Trois jours plus tard, Lorenzo a renforcé ma surveillance. Il n'a pas souhaité m'en dire plus. On ne se parle à peine, cette situation me désole.
Il accepte de voir son fils dans un centre éducatif, j'apprécie son effort. Les tensions vont peut-être s'apaiser avec cette main tendue vers moi.
Je me mets en route, en surveillant les alentours, mais je ne constate rien de suspect. Je me stationne sur le parking du centre. Quand je reconnais quelqu'un, Giuseppe est devant moi, je souris des mois que je ne l'avais pas vu. Il prend mon fils dans ses bras et me gratifie d'un sourire affectueux.

— Il a bien grandi le mini-capo.
Ma tête se décompose.

— Il a fêté ses un an il y a deux mois.
— C'est bien. Toujours pas prête à revenir?
— Non pas cette fois Giuseppe.

Il hoche la tête en signe de réponse.

Il m'accompagne jusqu'à  la salle privative, nous serons accompagnés d'une éducatrice et d'une médiatrice pour trouver un arrangement de garde.

Je suis au fond de la salle, j'observe Lorenzo qui joue avec son fils. Enzo l'adore. Il aurait été un merveilleux père, s'il n'était pas cet homme sans scrupules. On se met ensuite autour de la table, Enzo est sur ses genoux.

La médiatrice nous propose une garde alternée, il le prendra un week-end sur quatre étant donné qu'il ne vit pas aux Etats-Unis, il ne pourra pas le prendre les deux fois par mois que la loi préconise. Il l'accepte sans rechigner, sa bonne volonté me surprend.
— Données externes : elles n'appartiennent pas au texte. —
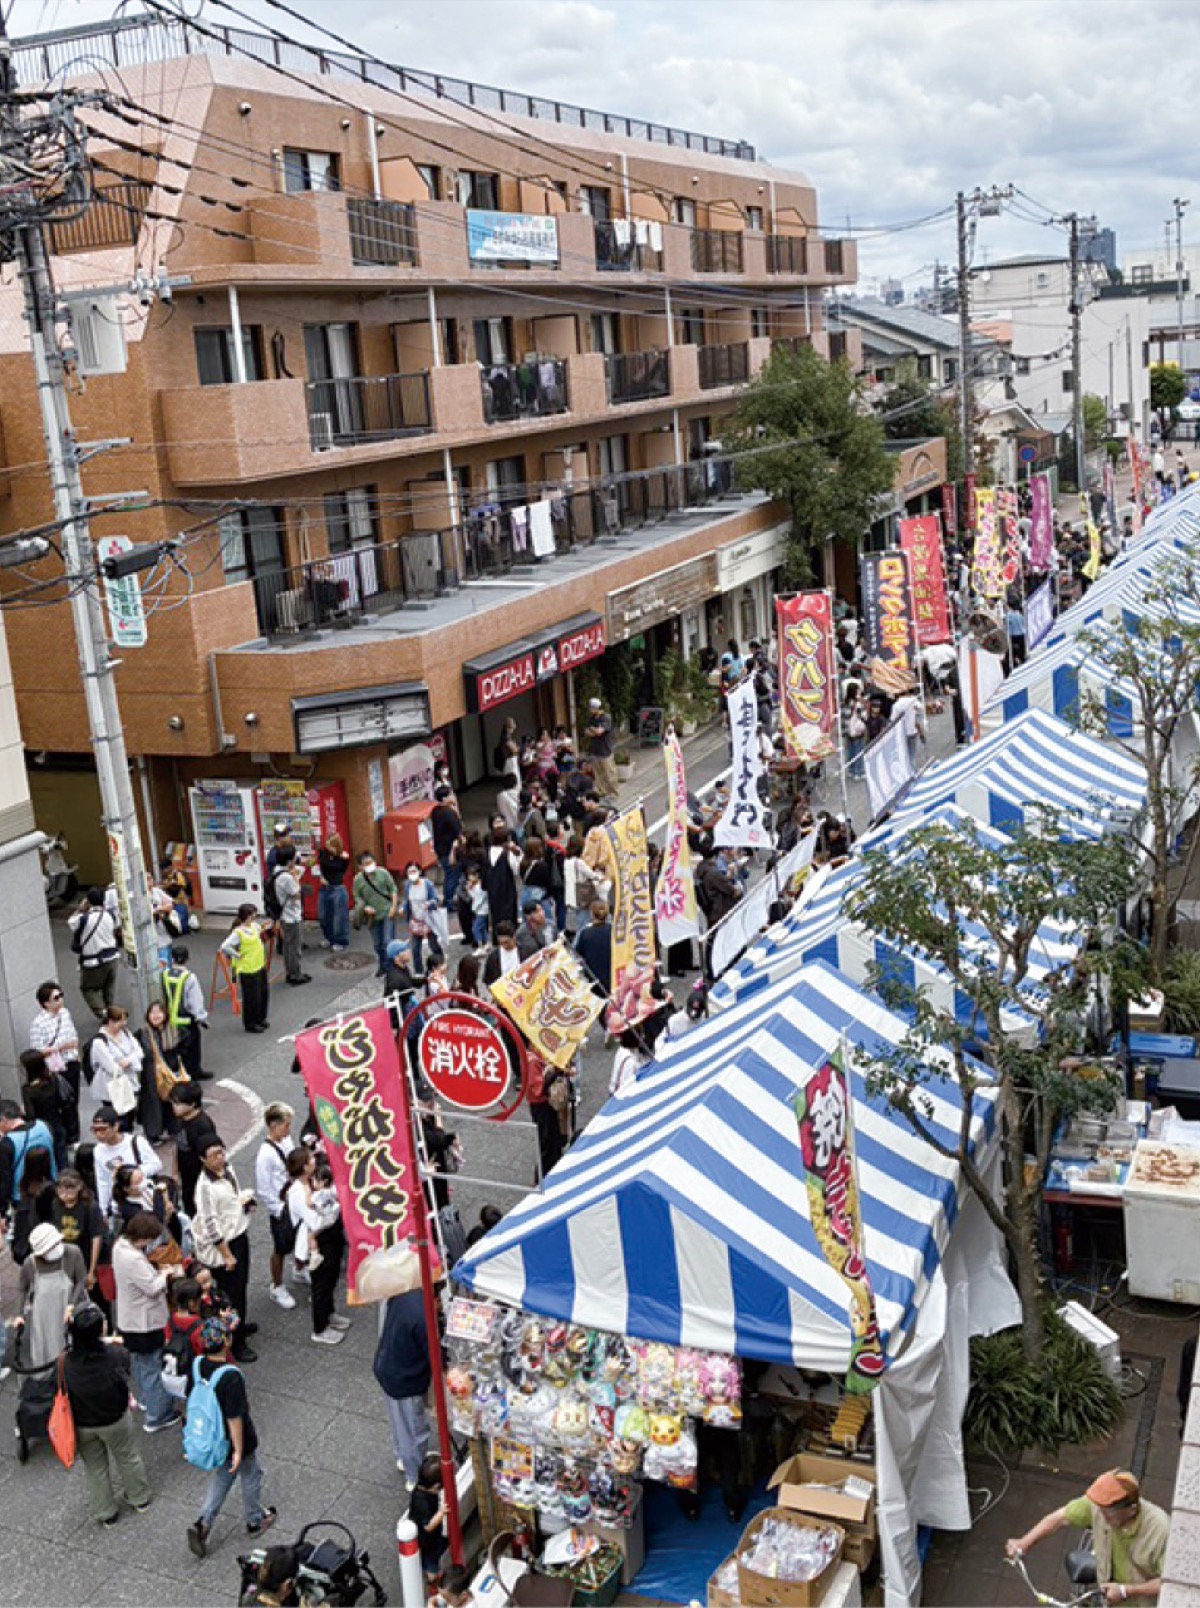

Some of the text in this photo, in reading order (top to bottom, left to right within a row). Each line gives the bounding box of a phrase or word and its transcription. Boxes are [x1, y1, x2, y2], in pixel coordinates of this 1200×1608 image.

Il était complètement contre cette idée, il s'est résigné. J'ai un pincement au cœur, il ne compte plus se battre pour moi. Le reste des vacances,  il pourra le prendre. Cette partie de l'accord m'effraie, j'ai peur de nouveau de basculer dans ce cauchemar éveillé. Mais il me l'a promis, il tient toujours ses promesses. La Médiation se termine, il me raccompagne jusqu'à la voiture. Chacun s'en va de son côté comme deux parfaits inconnus, ça me détruit. Je n'imaginais pas notre relation finir ainsi.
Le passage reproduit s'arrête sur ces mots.